JCDC Culinary Arts Showcase Celebrates Jamaican Creativity and Tradition
By: , May 27, 2026The Full Story
The creativity and innovativeness of Jamaicans were on full display as the Jamaica Cultural Development Commission (JCDC) hosted a Culinary Arts Competition and Showcase in Port Maria, St. Mary, on May 21, celebrating and promoting the island’s culinary talent.
The event, held at the Anglican Church Hall, featured participants from parishes in the western and northern regions competing in several culinary activities.
Patrons were treated to live cooking demonstrations, team challenges and displays of traditional Jamaican dishes, as organisers highlighted the richness and creativity of Jamaican cuisine.
The showcase was staged under the theme ‘Come Experience BOLD Jamaica Flavours’ and was powered by the Culture, Health, Arts, Sports and Education (CHASE) Fund in partnership with the Ministry of Culture, Gender, Entertainment and Sport.
This year’s featured product was yam, which participants creatively incorporated into their culinary presentations and dishes.
JCDC Culinary Arts Development Specialist, Jane Jerry, said the competition formed part of the organisation’s ongoing effort to preserve and promote Jamaica’s culinary heritage, while creating opportunities for emerging culinary talent.
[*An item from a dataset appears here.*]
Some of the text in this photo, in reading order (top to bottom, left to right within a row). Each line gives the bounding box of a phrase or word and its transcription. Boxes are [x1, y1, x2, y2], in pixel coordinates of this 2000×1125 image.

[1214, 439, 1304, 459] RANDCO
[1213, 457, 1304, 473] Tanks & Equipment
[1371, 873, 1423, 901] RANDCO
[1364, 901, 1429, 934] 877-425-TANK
“The Culinary Arts Showcase is an annual event, and we try to have persons exploring all avenues when it comes to culinary arts,” Ms. Jerry said.
She noted that this year’s staging included a new segment dubbed the ‘Young Tasters Challenge’, geared towards children ages nine to 14.
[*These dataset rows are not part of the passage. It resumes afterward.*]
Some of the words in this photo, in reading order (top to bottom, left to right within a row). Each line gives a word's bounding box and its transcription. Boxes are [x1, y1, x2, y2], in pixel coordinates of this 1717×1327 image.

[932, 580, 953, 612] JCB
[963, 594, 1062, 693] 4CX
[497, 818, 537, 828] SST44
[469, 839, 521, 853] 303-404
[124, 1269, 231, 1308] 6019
“This year we have a section called Young Tasters Challenge where they do either a smoothie and a canapé sandwich, or they do a smoothie and decorate six cupcakes to embrace the Jamaica symbols,” she explained.
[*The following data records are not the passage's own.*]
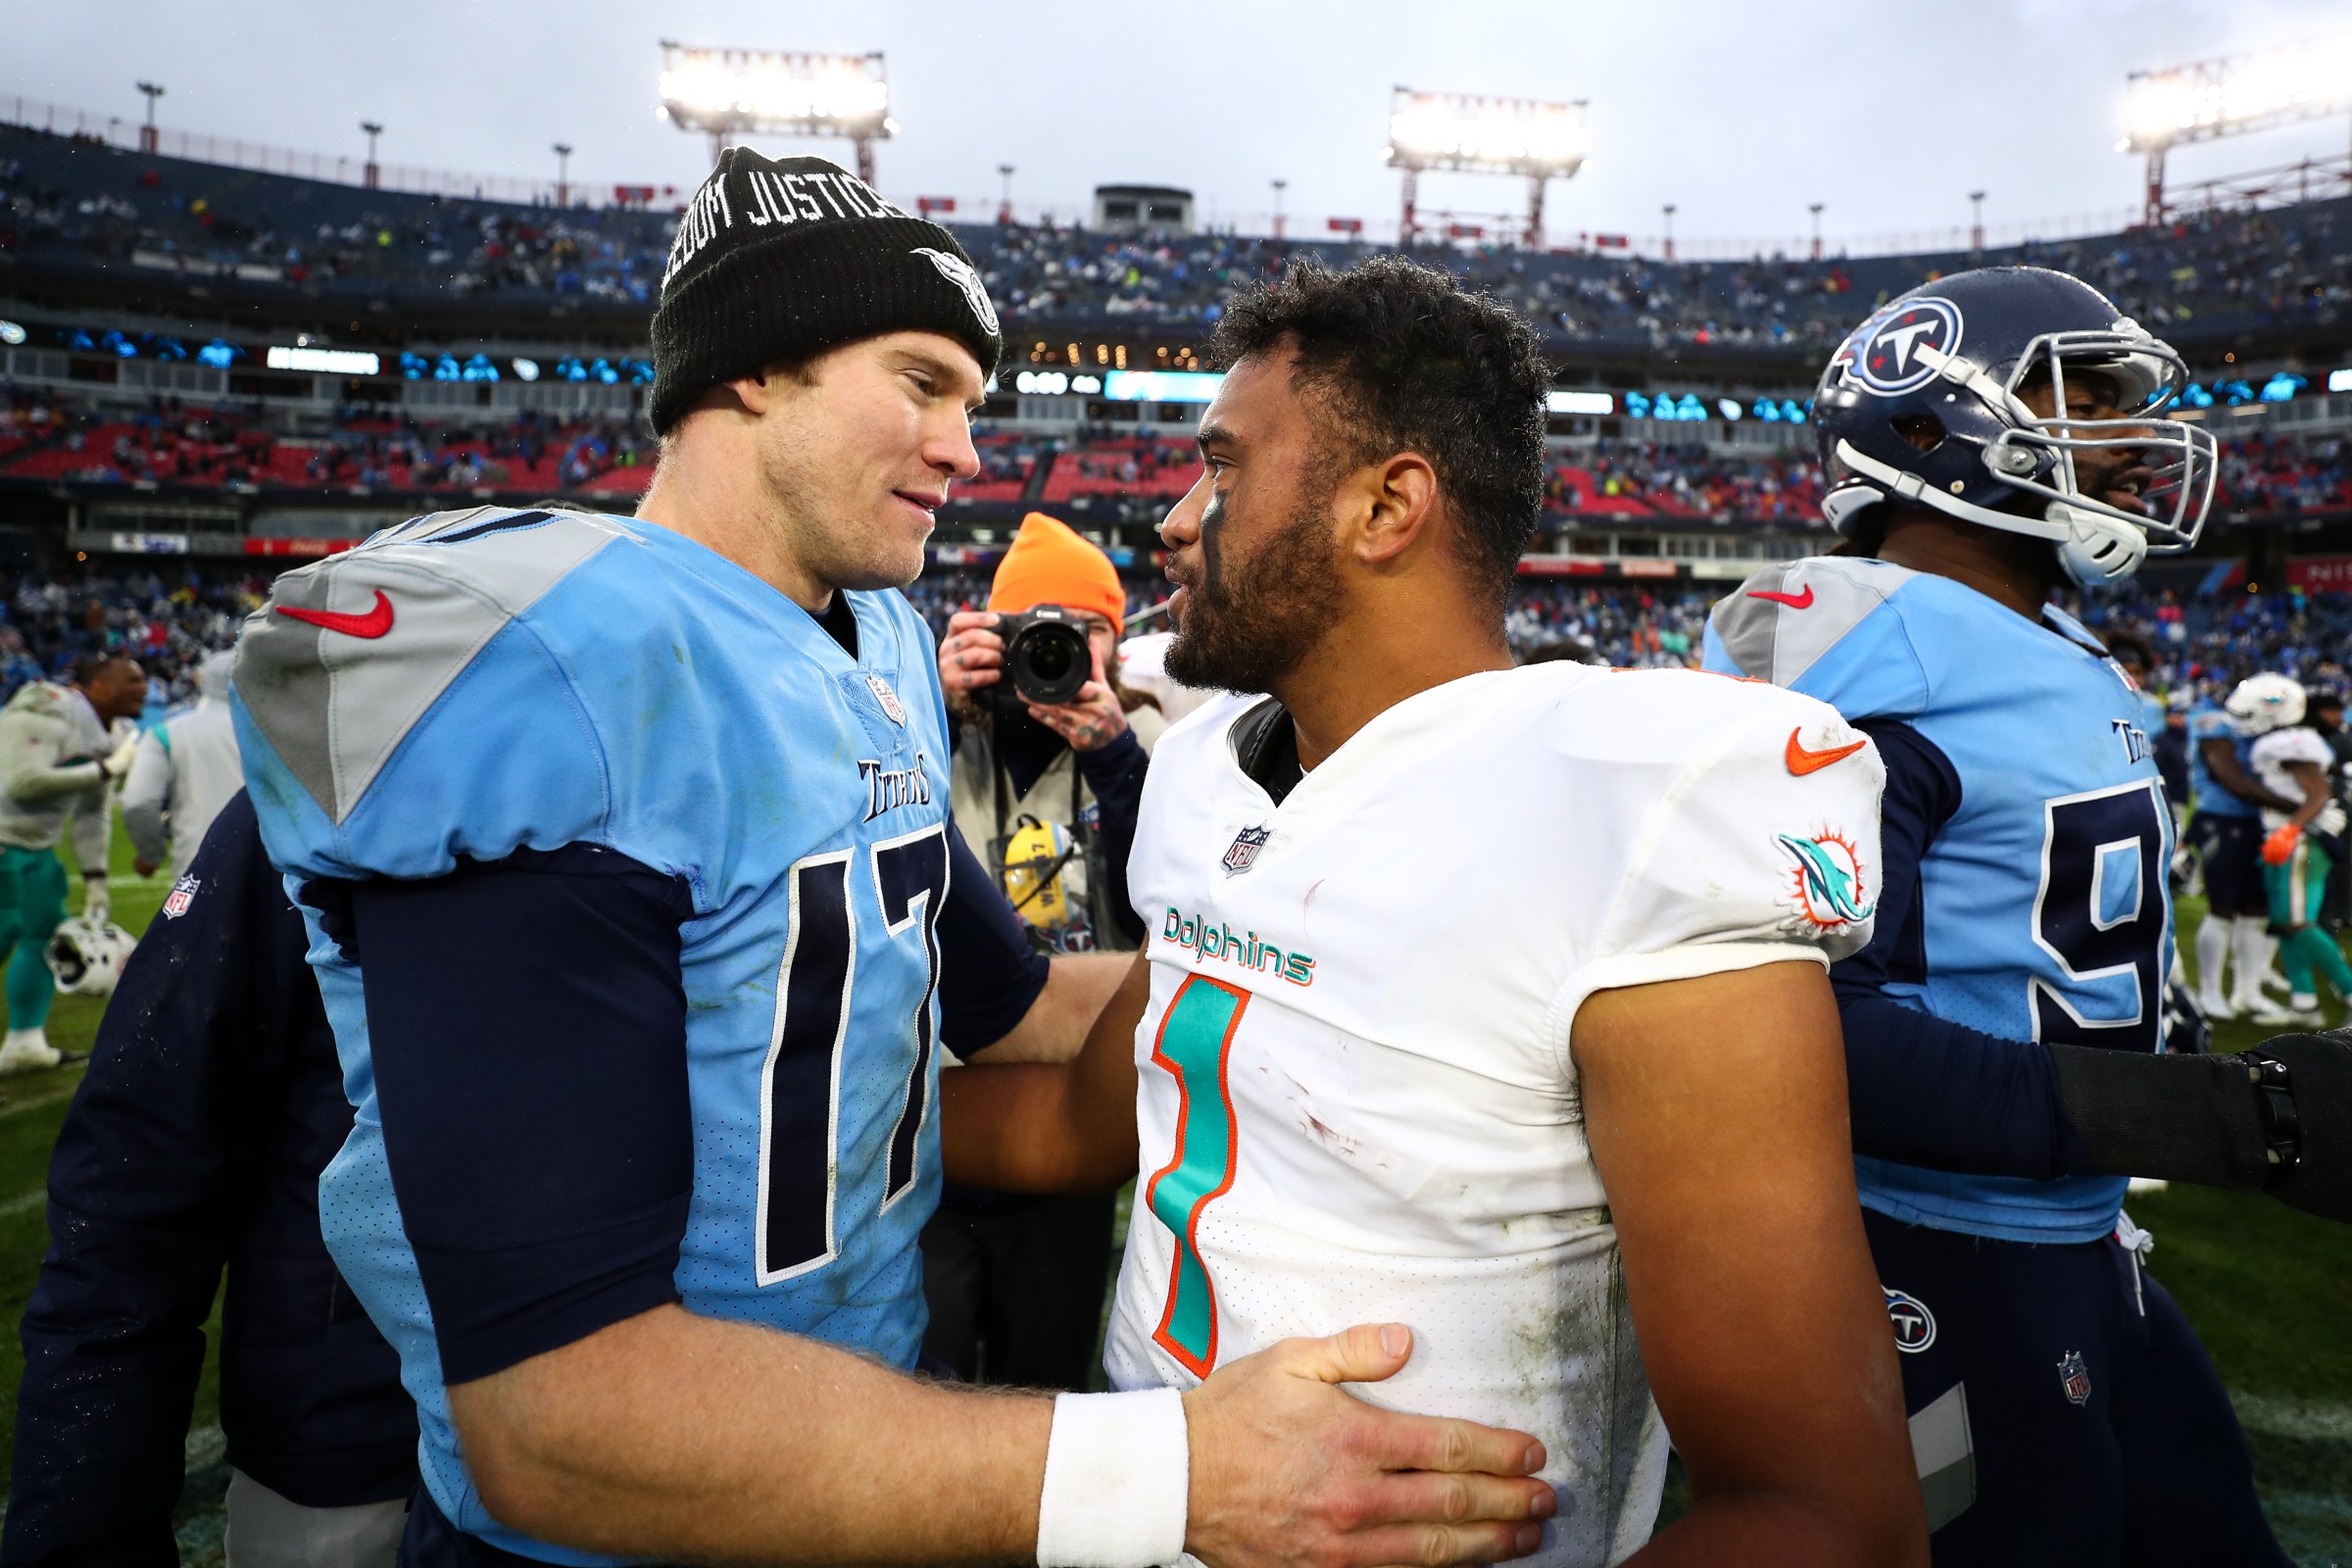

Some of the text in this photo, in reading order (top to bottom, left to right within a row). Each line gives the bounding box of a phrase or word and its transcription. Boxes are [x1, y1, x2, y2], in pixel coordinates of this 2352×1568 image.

[1226, 843, 1255, 866] NFL
[166, 892, 190, 912] NFL
[1163, 906, 1316, 987] Dolphins
[755, 821, 951, 1288] 17
[1146, 972, 1252, 1381] 1
Ms. Jerry said the event also provided a platform for participants to demonstrate innovation and teamwork, while encouraging greater appreciation for local foods and traditional cooking techniques.
“We are losing these youngsters to KFC (Kentucky Fried Chicken). We want them to understand what is dokunu, what is rundown. We want them to understand our traditional way of preparing meals [and] preserve it. We can’t give it up,” she stated.
She also explained why yam, which has traditionally been underutilised, was selected as the featured product.
“People just boil the yam and have it with some protein and that’s it, but we want to see the creativeness and the innovativeness of persons using the yam,” Ms. Jerry said.
She further underscored the positive impact of the showcase on participants, noting that it could open doors for entrepreneurship and business development.
“This will be it for them apart from some persons who would have tried on their own to get into the production aspect of whatever it is that they would have prepared. So, the opportunity is there for them to start their own business,” Ms. Jerry added.
With this year’s staging reduced to just two events due to the impact of Hurricane Melissa in October 2025, attention now turns to the final leg in Kingston on May 29.
The event will feature participants from St. Elizabeth, Manchester, Clarendon, St. Catherine, Kingston and St. Andrew, and St. Thomas.